Below is a set of entries. Print the line that contains "this 1344×1512 image." and every later line word for word, through the final one.
###
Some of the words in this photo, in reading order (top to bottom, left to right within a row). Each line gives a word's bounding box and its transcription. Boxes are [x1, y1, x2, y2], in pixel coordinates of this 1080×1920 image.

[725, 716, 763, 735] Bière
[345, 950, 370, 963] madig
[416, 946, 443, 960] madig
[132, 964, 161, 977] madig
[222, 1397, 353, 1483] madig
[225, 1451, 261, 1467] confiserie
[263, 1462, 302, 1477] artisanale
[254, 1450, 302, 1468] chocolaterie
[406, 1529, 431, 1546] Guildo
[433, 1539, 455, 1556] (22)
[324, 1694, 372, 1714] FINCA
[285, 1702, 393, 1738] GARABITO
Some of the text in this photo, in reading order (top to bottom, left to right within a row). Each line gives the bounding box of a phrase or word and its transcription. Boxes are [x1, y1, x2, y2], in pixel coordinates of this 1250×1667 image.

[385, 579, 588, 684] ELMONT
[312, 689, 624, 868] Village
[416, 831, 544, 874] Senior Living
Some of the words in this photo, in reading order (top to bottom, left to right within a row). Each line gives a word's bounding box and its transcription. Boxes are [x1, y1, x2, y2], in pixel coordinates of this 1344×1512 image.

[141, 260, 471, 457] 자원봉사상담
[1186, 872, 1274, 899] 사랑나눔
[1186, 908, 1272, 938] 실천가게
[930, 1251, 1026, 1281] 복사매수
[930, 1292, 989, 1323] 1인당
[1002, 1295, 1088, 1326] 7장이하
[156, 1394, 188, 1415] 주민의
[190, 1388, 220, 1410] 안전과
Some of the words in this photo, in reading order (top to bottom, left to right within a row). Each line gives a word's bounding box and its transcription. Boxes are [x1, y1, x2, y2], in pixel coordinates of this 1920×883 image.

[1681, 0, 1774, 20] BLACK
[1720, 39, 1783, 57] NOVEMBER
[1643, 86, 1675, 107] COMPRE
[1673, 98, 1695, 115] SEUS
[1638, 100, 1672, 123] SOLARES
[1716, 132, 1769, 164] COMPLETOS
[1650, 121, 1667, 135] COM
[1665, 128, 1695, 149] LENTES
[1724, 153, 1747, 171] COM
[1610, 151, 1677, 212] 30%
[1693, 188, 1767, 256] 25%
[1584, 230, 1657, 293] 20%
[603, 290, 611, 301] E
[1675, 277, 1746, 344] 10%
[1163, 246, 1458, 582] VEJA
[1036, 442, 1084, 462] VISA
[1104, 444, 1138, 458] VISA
###
▶ _Answer box_:
Some of the words in this photo, in reading order (top to bottom, left to right within a row). Each line gives a word's bounding box and its transcription. Boxes are [x1, y1, x2, y2], in pixel coordinates of this 1344×1512 image.

[141, 260, 471, 457] 자원봉사상담
[1186, 872, 1274, 899] 사랑나눔
[1186, 908, 1272, 938] 실천가게
[930, 1251, 1026, 1281] 복사매수
[930, 1292, 989, 1323] 1인당
[1002, 1295, 1088, 1326] 7장이하
[156, 1394, 188, 1415] 주민의
[190, 1388, 220, 1410] 안전과
Some of the words in this photo, in reading order (top to bottom, left to right within a row). Each line gives a word's bounding box and its transcription. Boxes are [x1, y1, x2, y2], in pixel coordinates of this 1920×883 image.

[1681, 0, 1774, 20] BLACK
[1720, 39, 1783, 57] NOVEMBER
[1643, 86, 1675, 107] COMPRE
[1673, 98, 1695, 115] SEUS
[1638, 100, 1672, 123] SOLARES
[1716, 132, 1769, 164] COMPLETOS
[1650, 121, 1667, 135] COM
[1665, 128, 1695, 149] LENTES
[1724, 153, 1747, 171] COM
[1610, 151, 1677, 212] 30%
[1693, 188, 1767, 256] 25%
[1584, 230, 1657, 293] 20%
[603, 290, 611, 301] E
[1675, 277, 1746, 344] 10%
[1163, 246, 1458, 582] VEJA
[1036, 442, 1084, 462] VISA
[1104, 444, 1138, 458] VISA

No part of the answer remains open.